The 2008 Nuclear White Paper issued by the UK Government’s Department for Business, Innovation and Skills, (which, at the time, was known as the Department of Business Enterprise & Regulatory Reform), stated that nuclear energy, in addition to other low-carbon sources, would play an increasingly important role in the future energy mix of the country. The current UK Government has remained committed to the development of new build nuclear projects; notwithstanding the Fukushima disaster in March 2011, which caused other European countries to revisit – and in some cases abandon – their support for nuclear energy.
On December 8, 2011, the UK Government continued its drive towards encouraging investment in new nuclear plants in the UK. The Department of Energy and Climate Change (DECC) introduced statutory guidance on the price of disposal of nuclear waste paid by new nuclear operators and on the content of new nuclear operators’ plans for decommissioning old plants. The statutory guidance, issued pursuant to the Energy Act 2008 (the Act), was (i) the ‘Funded Decommissioning Programme Guidance for New Nuclear Power Stations’ (FDP Guidance) and (ii) the ‘Waste Transfer Pricing Methodology for the Disposal of Higher Activity Waste from new Nuclear Power Stations’ (Waste Transfer Pricing Methodology). The Waste Transfer Pricing Methodology prescribes the method for determining the price to be paid by new nuclear operators for the disposal of intermediate level waste and spent fuel at the UK Government’s proposed geological disposal facility. The application of the method will be set out in a contract between new nuclear operators and the UK Government.

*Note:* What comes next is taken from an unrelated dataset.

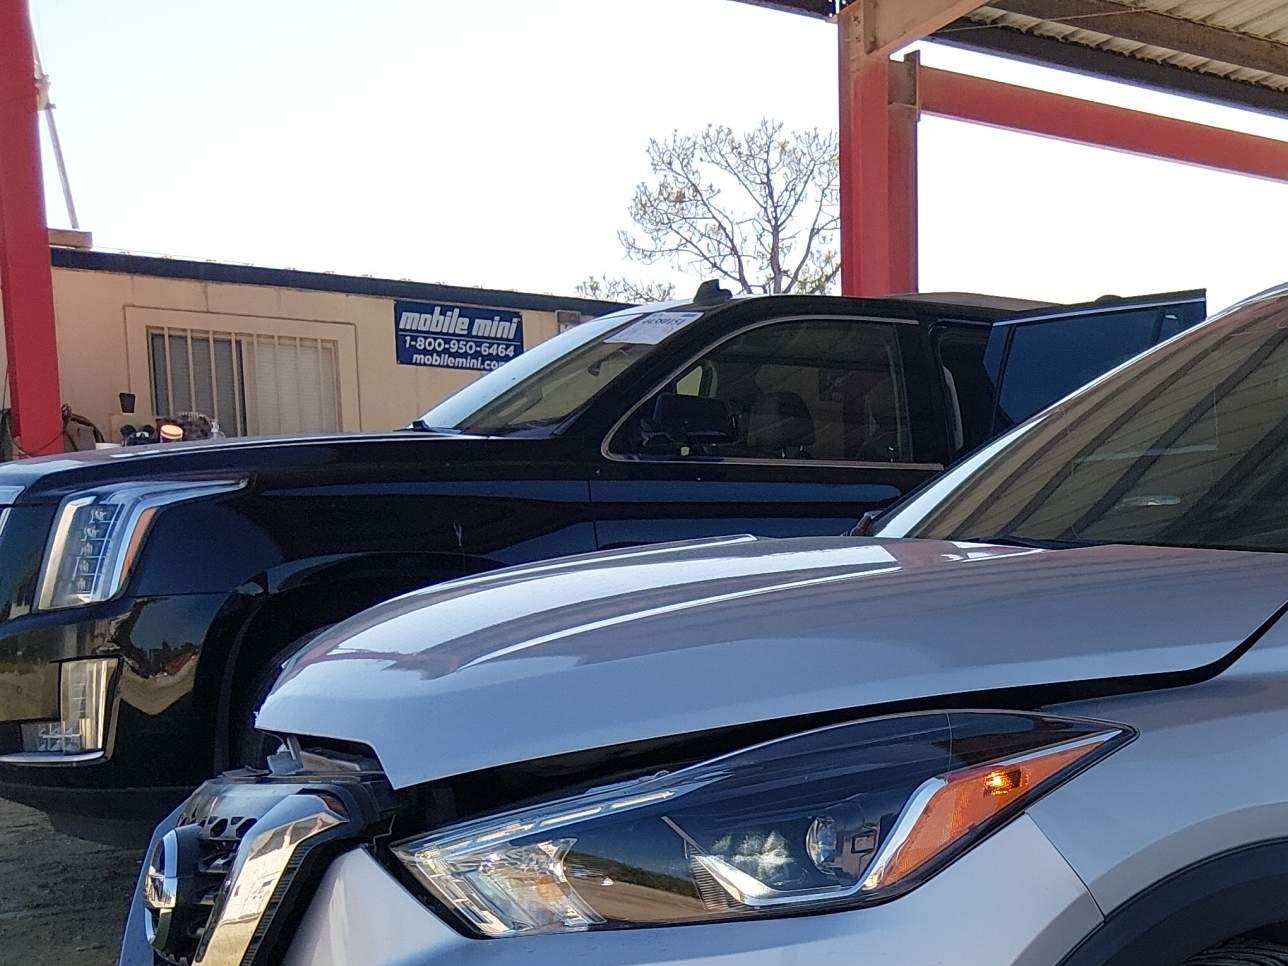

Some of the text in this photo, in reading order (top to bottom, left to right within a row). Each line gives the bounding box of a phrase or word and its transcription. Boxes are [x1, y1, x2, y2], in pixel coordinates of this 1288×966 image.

The Act requires all new nuclear operators to have in place an approved funded decommissioning programme (FDP) prior to commencing construction. The FDP Guidance provides that a FDP must be ‘realistic and clearly defined’ with a ‘robust’ estimate of decommissioning and waste disposal and management costs (some of which will be included in the aforementioned waste transfer price). Likewise, funds for the future clean-up must be set aside in a structure administered independently of the operator and the UK Government. A potential operator has the freedom to choose the nature and form of the structure, provided that the funds are insolvency proof and managed in a transparent manner.
The Guidance represents one of a number of steps being taken by the UK Government to facilitate and prepare for the introduction of new nuclear power in the UK. The indicative timeline issued by the Office for Nuclear Development identifies additional milestones to be met before the first nuclear power plant in the UK since 1995 becomes operational (currently expected in 2018), including proposals to reform the UK electricity market, designed, amongst other things, to support investment in new nuclear and other low carbon energy sources.